Work task –
Omitting the pictures, restate all of the entries below exactly.

Stored dataset items –
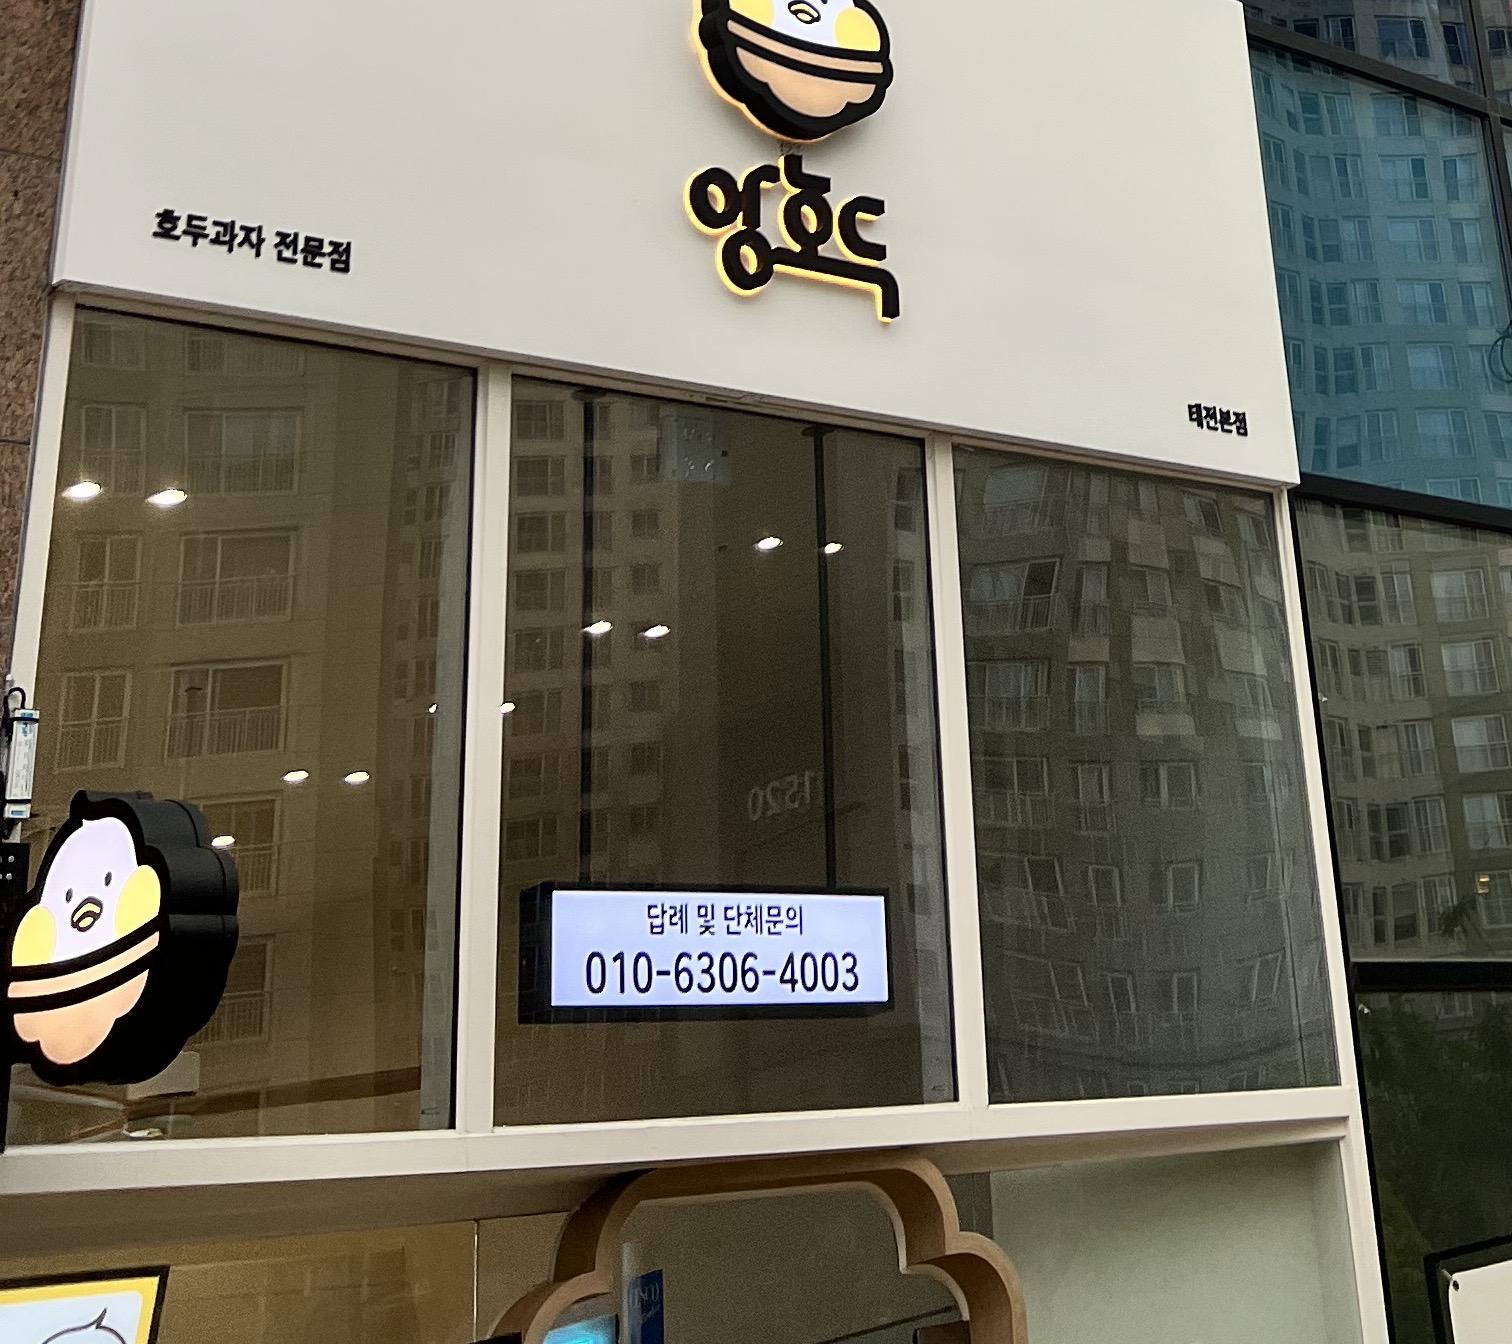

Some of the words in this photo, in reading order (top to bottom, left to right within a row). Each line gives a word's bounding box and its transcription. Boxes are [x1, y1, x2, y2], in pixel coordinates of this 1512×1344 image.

[152, 207, 266, 259] 호두과자
[273, 229, 353, 274] 전문점
[1187, 401, 1249, 438] 태전본점
[646, 903, 690, 937] 답례
[696, 903, 717, 937] 및
[722, 903, 806, 937] 단체문의
[584, 950, 861, 996] 010-6306-4003

Exercise answer –
Some of the words in this photo, in reading order (top to bottom, left to right within a row). Each line gives a word's bounding box and its transcription. Boxes are [x1, y1, x2, y2], in pixel coordinates of this 1512×1344 image.

[152, 207, 266, 259] 호두과자
[273, 229, 353, 274] 전문점
[1187, 401, 1249, 438] 태전본점
[646, 903, 690, 937] 답례
[696, 903, 717, 937] 및
[722, 903, 806, 937] 단체문의
[584, 950, 861, 996] 010-6306-4003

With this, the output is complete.